How social platforms really work
Most platforms monetize attention through ads. That shapes distribution: business accounts often need paid reach, while consistent, compelling individual posts can travel further organically. A few universal rules follow:
• Consistency beats bursts. A steady cadence outperforms sporadic flurries.
• Hook fast. You have seconds—sometimes less—to earn a pause. Lead with a clear visual or first line that states the “why” immediately.
• Tell a story. Information informs; stories stick. Frame your post around a challenge, action, and outcome.
• Use visuals intentionally.
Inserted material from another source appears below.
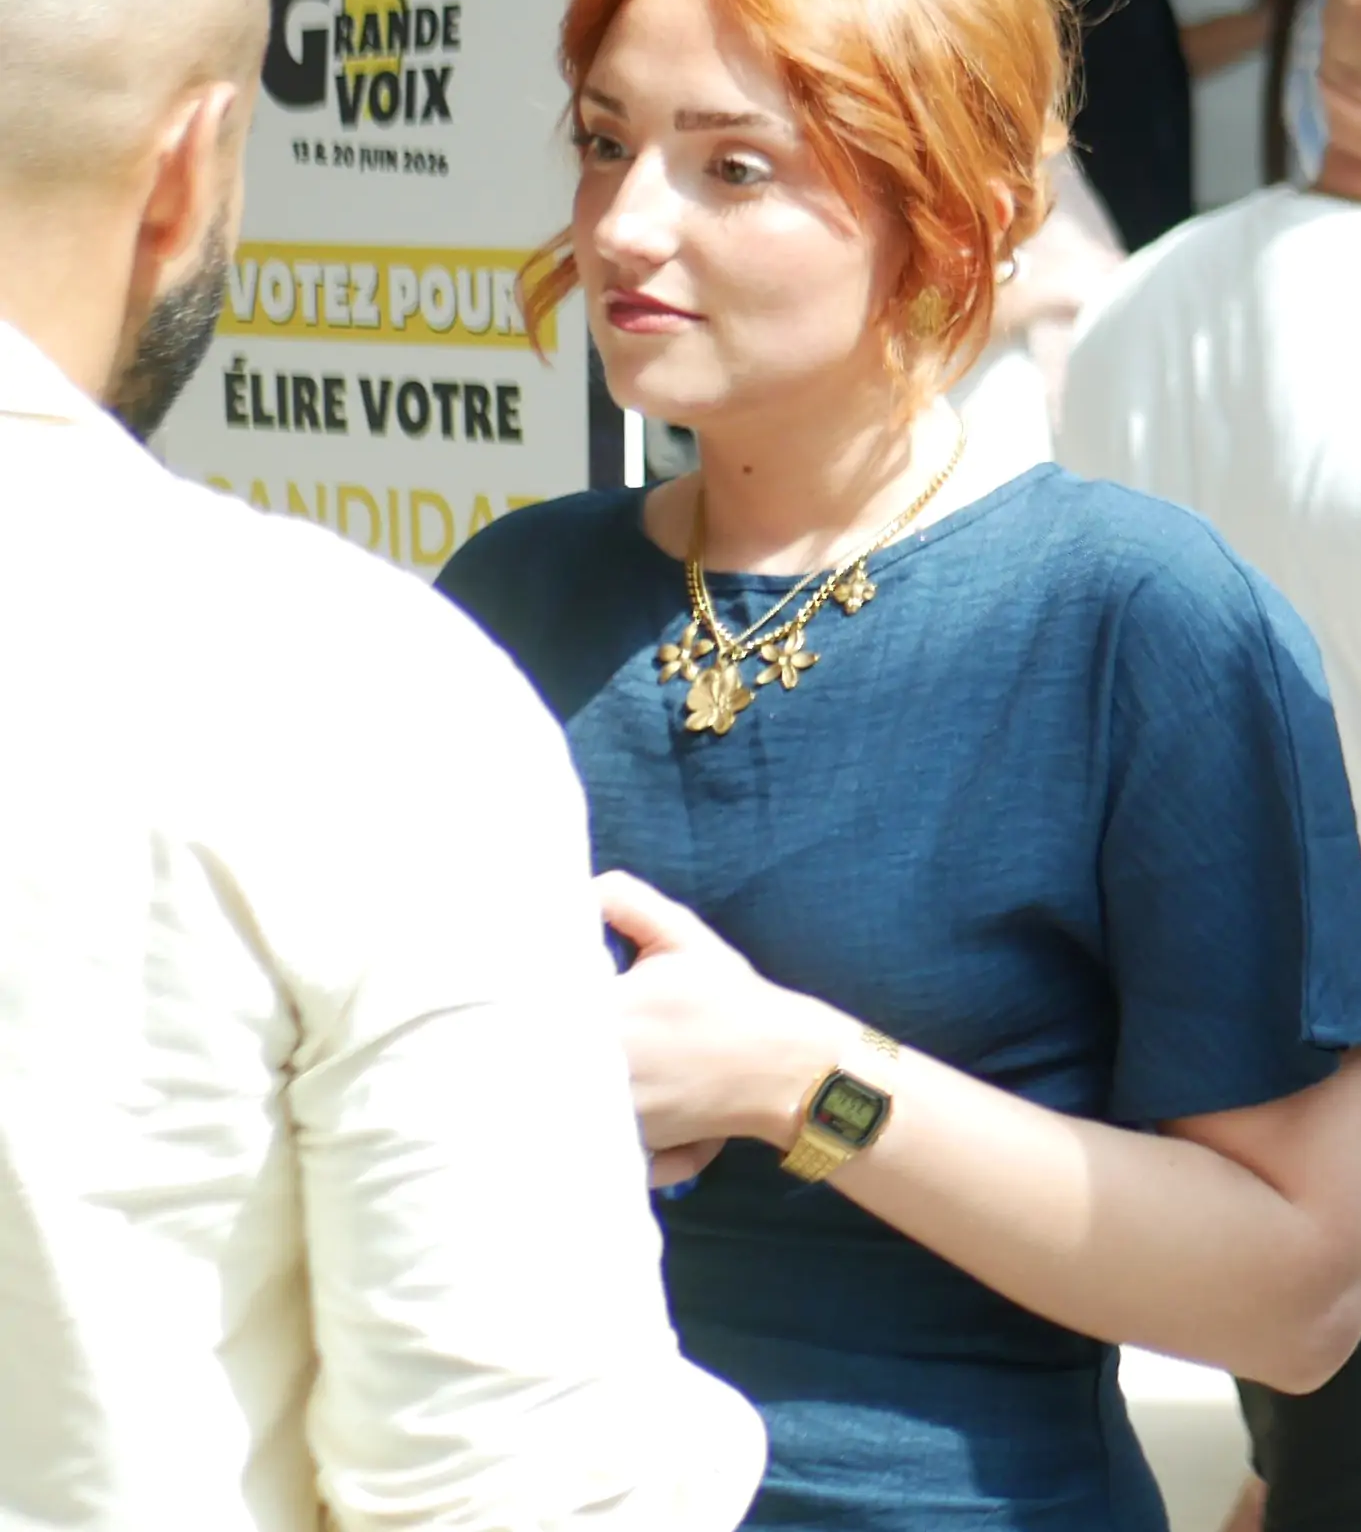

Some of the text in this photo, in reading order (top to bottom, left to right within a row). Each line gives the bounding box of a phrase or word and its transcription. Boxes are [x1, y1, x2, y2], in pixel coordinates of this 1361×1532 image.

Images and short clips carry more information, faster, than text alone.
• Review and repeat what works. Look back at posts that performed; was it the format, the timing, the topic, or the opening line? Recreate the pattern, not the exact post.
Authenticity without oversharing
“Authentic” doesn’t mean “everything.” Share thoughtfully: show process, decisions, and lessons rather than private details. A helpful mental shift is from “look at me” to “look at this.” You’re curating ideas, not performing a persona. Small, consistent actions—notes from the field, one slide from a deck, a before/after, a short reflection—compound into visible expertise over time.
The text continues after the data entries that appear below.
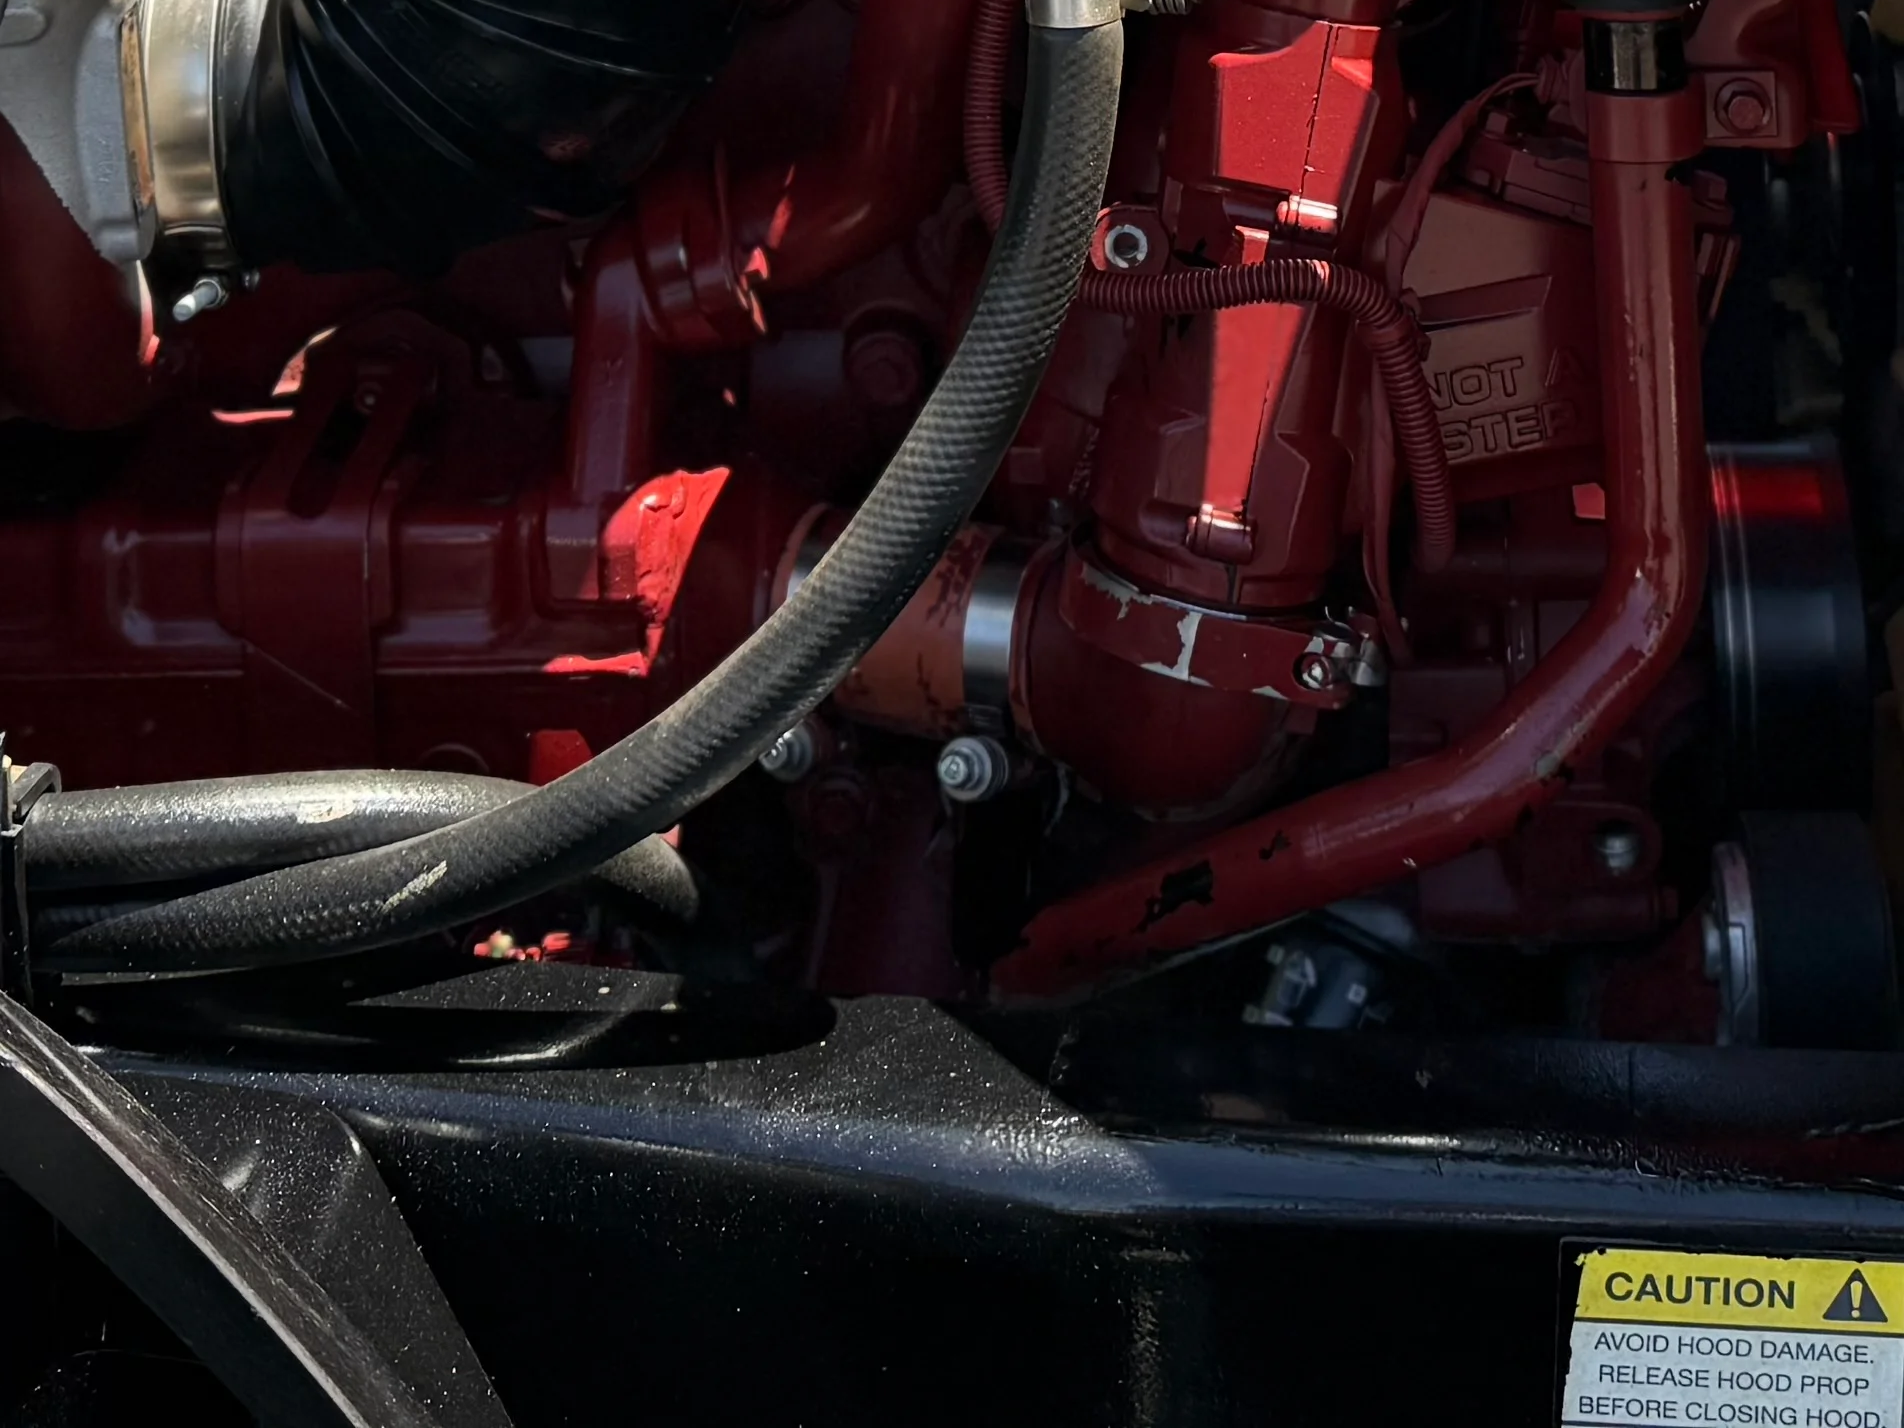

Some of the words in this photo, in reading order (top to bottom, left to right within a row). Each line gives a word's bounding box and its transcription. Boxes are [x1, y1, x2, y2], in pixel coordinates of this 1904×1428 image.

[1604, 1271, 1796, 1310] CAUTION
[1594, 1332, 1669, 1354] AVOID
[1677, 1335, 1752, 1357] HOOD
[1760, 1340, 1874, 1364] DAMAGE.
[1599, 1364, 1709, 1388] RELEASE
[1717, 1370, 1792, 1392] HOOD
[1800, 1375, 1869, 1397] PROP
[1578, 1396, 1678, 1420] BEFORE
[1685, 1401, 1797, 1425] CLOSING
[1806, 1408, 1886, 1428] HOOD.
Choosing your platform and format
Different channels reward different behaviors, but most content falls into five useful types:
Educational/Inspirational: explainers, how-tos, reflections that teach or motivate.
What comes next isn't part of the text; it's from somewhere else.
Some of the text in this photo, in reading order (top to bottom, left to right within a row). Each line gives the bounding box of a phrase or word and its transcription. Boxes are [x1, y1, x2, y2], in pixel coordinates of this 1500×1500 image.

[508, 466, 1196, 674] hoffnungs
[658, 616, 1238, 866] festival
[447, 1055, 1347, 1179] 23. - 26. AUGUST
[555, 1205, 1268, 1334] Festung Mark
Behind the Scenes: the real process—drafts, setups, fieldwork.
Help Content: FAQs, checklists, templates, links to tools.
Fun/Lightweight: trends or moments that humanize your work (used sparingly and on-brand).
Direct Ask (“Sale”): recruit, register, donate—balanced by the four types above.
Start where you already spend time. If you scroll a platform daily, you understand its tone and pace—use that familiarity. Pick one content type to master first.
Practising critical judgment
Our breakout tasks surfaced two important reflections. First, algorithms are gatekeepers: timely, relatable content travels further because platforms reward engagement. Second, leaving platforms is hard for many users due to constant novelty, social belonging, and fear of missing out—so creators carry a responsibility to design for value, not compulsion. A disciplined mix of the five content types—and a bias for clarity over clickbait—helps maintain that standard.
Professional and civic impact
Thoughtful posting can shift narratives. When complex rulings or technical topics are misreported, concise expert posts can help press and policymakers find the fuller story. That’s the civic upside of visible, credible practitioners online.
A simple workflow you can adopt tomorrow
Document while you work (notes, photos, one sentence per day).
Choose one platform and one content type to start.
Post weekly for six weeks with a clear opening line and a purposeful visual.
Review analytics (or simple signals like saves and replies) and iterate.
Codify your patterns: save your best hooks, formats, and posting times.
Authenticity is a practice, not a mood. By showing your work with clarity and intention—consistently, visually, and with genuine utility—you expand your opportunities, strengthen your organization’s credibility, and contribute meaningfully to the conversations that shape your field.